## WHAT THIS TASK INVOLVES:
If anything in the data looks odd, keep it anyway and write the whole listing out unchanged.

## RECORDS FOR PROCESSING:
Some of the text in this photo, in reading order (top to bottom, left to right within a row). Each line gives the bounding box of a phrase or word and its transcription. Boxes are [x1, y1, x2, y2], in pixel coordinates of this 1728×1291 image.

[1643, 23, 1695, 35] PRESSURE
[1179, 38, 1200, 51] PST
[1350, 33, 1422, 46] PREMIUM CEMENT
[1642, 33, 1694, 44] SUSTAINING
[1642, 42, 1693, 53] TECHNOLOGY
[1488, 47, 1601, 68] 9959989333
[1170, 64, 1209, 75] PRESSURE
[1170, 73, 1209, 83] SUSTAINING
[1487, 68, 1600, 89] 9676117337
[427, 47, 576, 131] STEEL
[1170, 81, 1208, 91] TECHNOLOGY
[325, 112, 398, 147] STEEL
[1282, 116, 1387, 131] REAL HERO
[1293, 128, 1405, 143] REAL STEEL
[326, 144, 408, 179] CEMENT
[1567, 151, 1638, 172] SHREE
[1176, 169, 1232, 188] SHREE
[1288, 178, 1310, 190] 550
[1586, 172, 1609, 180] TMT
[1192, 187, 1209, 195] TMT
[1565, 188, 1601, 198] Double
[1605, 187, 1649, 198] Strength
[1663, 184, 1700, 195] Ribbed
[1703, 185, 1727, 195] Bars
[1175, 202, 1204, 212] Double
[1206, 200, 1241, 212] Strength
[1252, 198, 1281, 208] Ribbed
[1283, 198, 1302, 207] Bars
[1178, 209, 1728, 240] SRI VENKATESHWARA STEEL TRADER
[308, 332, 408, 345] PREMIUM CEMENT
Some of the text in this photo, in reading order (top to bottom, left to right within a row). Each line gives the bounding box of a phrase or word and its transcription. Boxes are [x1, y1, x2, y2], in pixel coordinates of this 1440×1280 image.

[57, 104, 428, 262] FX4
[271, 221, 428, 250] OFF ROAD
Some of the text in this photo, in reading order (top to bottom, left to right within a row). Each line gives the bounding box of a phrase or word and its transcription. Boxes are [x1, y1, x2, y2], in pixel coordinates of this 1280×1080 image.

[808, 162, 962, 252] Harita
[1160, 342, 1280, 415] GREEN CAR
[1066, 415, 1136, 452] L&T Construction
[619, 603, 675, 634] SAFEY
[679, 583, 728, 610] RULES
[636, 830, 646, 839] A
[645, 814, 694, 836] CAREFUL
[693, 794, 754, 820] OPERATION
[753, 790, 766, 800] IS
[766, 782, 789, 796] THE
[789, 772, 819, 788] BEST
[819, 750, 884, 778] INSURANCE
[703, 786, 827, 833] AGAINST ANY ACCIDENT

## YOUR SOLUTION:
Some of the text in this photo, in reading order (top to bottom, left to right within a row). Each line gives the bounding box of a phrase or word and its transcription. Boxes are [x1, y1, x2, y2], in pixel coordinates of this 1728×1291 image.

[1643, 23, 1695, 35] PRESSURE
[1179, 38, 1200, 51] PST
[1350, 33, 1422, 46] PREMIUM CEMENT
[1642, 33, 1694, 44] SUSTAINING
[1642, 42, 1693, 53] TECHNOLOGY
[1488, 47, 1601, 68] 9959989333
[1170, 64, 1209, 75] PRESSURE
[1170, 73, 1209, 83] SUSTAINING
[1487, 68, 1600, 89] 9676117337
[427, 47, 576, 131] STEEL
[1170, 81, 1208, 91] TECHNOLOGY
[325, 112, 398, 147] STEEL
[1282, 116, 1387, 131] REAL HERO
[1293, 128, 1405, 143] REAL STEEL
[326, 144, 408, 179] CEMENT
[1567, 151, 1638, 172] SHREE
[1176, 169, 1232, 188] SHREE
[1288, 178, 1310, 190] 550
[1586, 172, 1609, 180] TMT
[1192, 187, 1209, 195] TMT
[1565, 188, 1601, 198] Double
[1605, 187, 1649, 198] Strength
[1663, 184, 1700, 195] Ribbed
[1703, 185, 1727, 195] Bars
[1175, 202, 1204, 212] Double
[1206, 200, 1241, 212] Strength
[1252, 198, 1281, 208] Ribbed
[1283, 198, 1302, 207] Bars
[1178, 209, 1728, 240] SRI VENKATESHWARA STEEL TRADER
[308, 332, 408, 345] PREMIUM CEMENT
Some of the text in this photo, in reading order (top to bottom, left to right within a row). Each line gives the bounding box of a phrase or word and its transcription. Boxes are [x1, y1, x2, y2], in pixel coordinates of this 1440×1280 image.

[57, 104, 428, 262] FX4
[271, 221, 428, 250] OFF ROAD
Some of the text in this photo, in reading order (top to bottom, left to right within a row). Each line gives the bounding box of a phrase or word and its transcription. Boxes are [x1, y1, x2, y2], in pixel coordinates of this 1280×1080 image.

[808, 162, 962, 252] Harita
[1160, 342, 1280, 415] GREEN CAR
[1066, 415, 1136, 452] L&T Construction
[619, 603, 675, 634] SAFEY
[679, 583, 728, 610] RULES
[636, 830, 646, 839] A
[645, 814, 694, 836] CAREFUL
[693, 794, 754, 820] OPERATION
[753, 790, 766, 800] IS
[766, 782, 789, 796] THE
[789, 772, 819, 788] BEST
[819, 750, 884, 778] INSURANCE
[703, 786, 827, 833] AGAINST ANY ACCIDENT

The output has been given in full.